- Opening Delimiter -

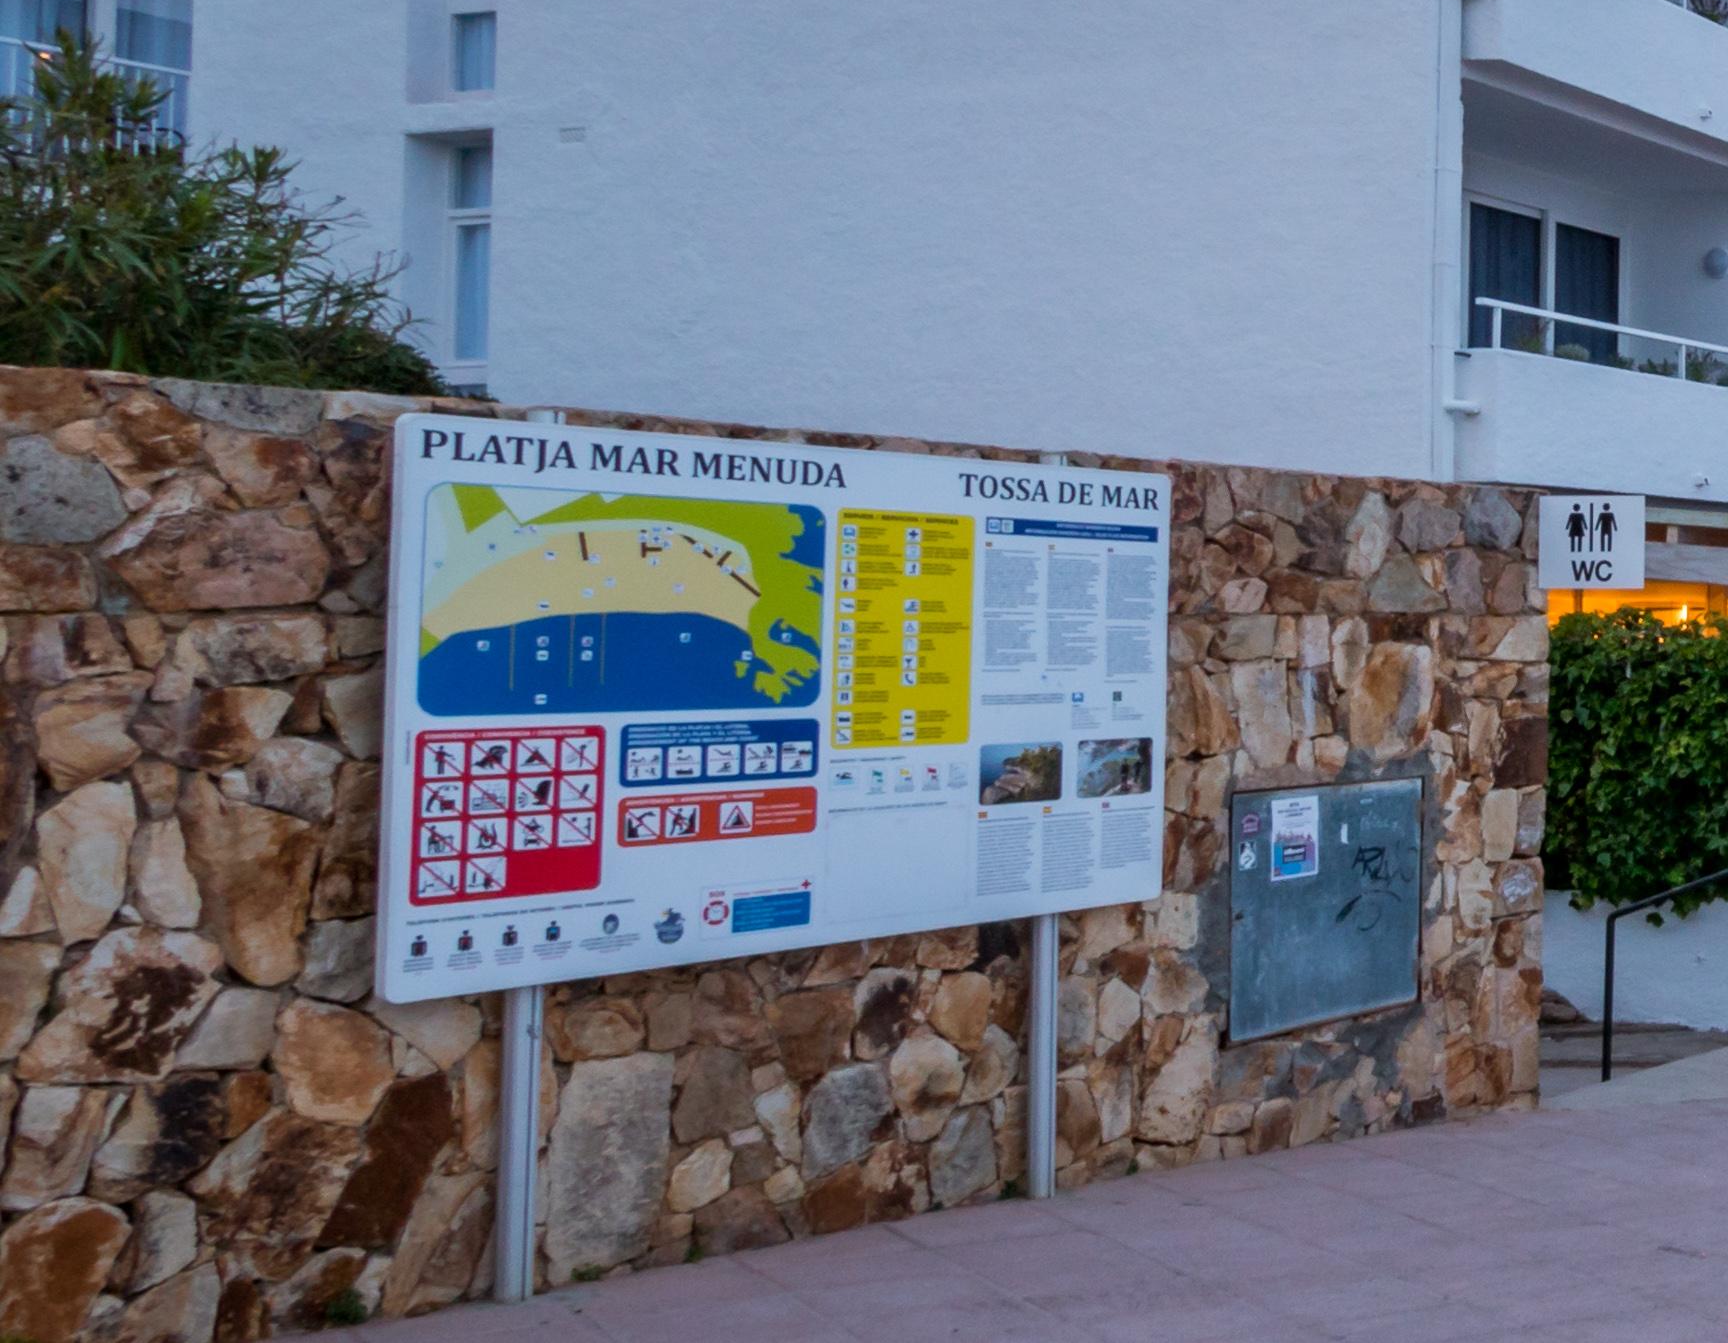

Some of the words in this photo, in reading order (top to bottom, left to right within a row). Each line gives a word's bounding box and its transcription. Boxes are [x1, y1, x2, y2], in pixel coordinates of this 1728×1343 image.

[421, 428, 578, 474] PLATJA
[589, 442, 681, 477] MAR
[692, 451, 848, 489] MENUDA
[959, 472, 1050, 503] TOSSA
[1058, 480, 1094, 506] DE
[1101, 484, 1160, 511] MAR
[1571, 559, 1613, 582] WC
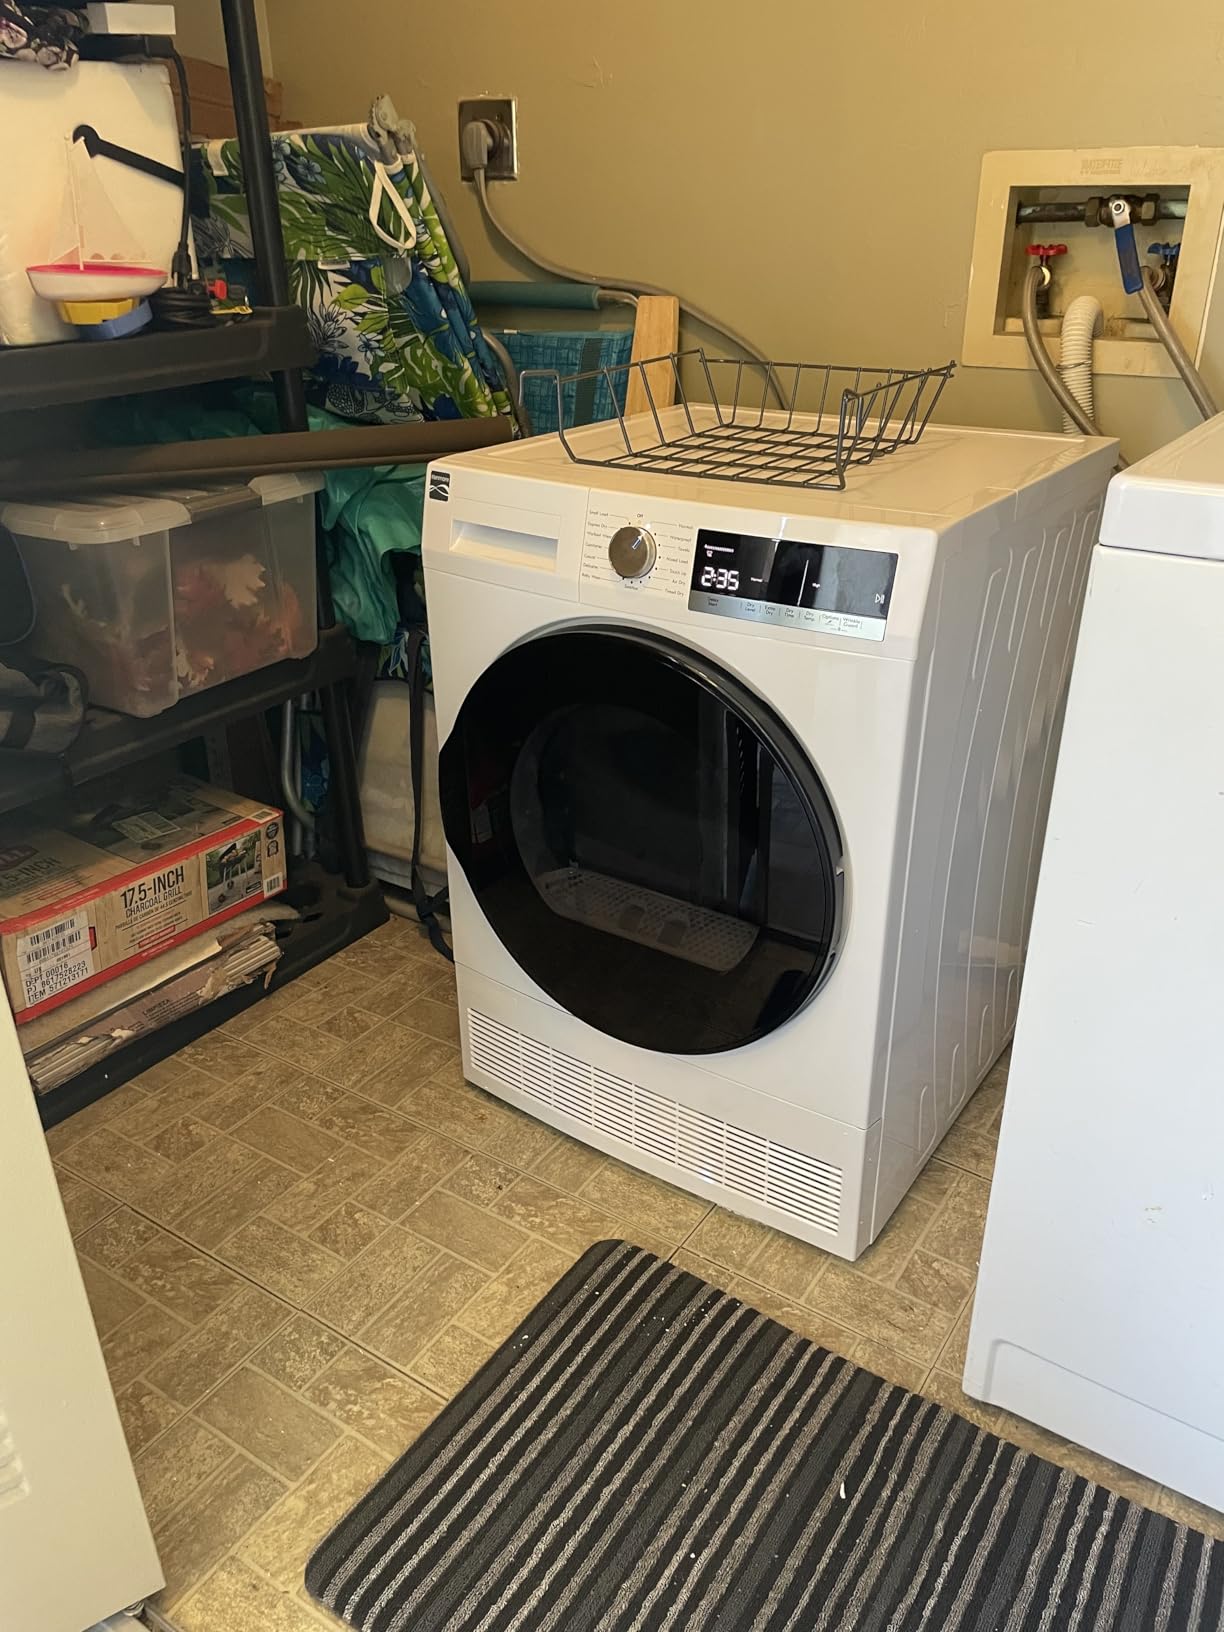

- Closing Delimiter -

:: ACTIVITY ::
All the material shown above is to be copied exactly, with no pictures carried over.

:: YOUR SOLUTION ::
Some of the words in this photo, in reading order (top to bottom, left to right within a row). Each line gives a word's bounding box and its transcription. Boxes are [x1, y1, x2, y2], in pixel coordinates of this 1728×1343 image.

[421, 428, 578, 474] PLATJA
[589, 442, 681, 477] MAR
[692, 451, 848, 489] MENUDA
[959, 472, 1050, 503] TOSSA
[1058, 480, 1094, 506] DE
[1101, 484, 1160, 511] MAR
[1571, 559, 1613, 582] WC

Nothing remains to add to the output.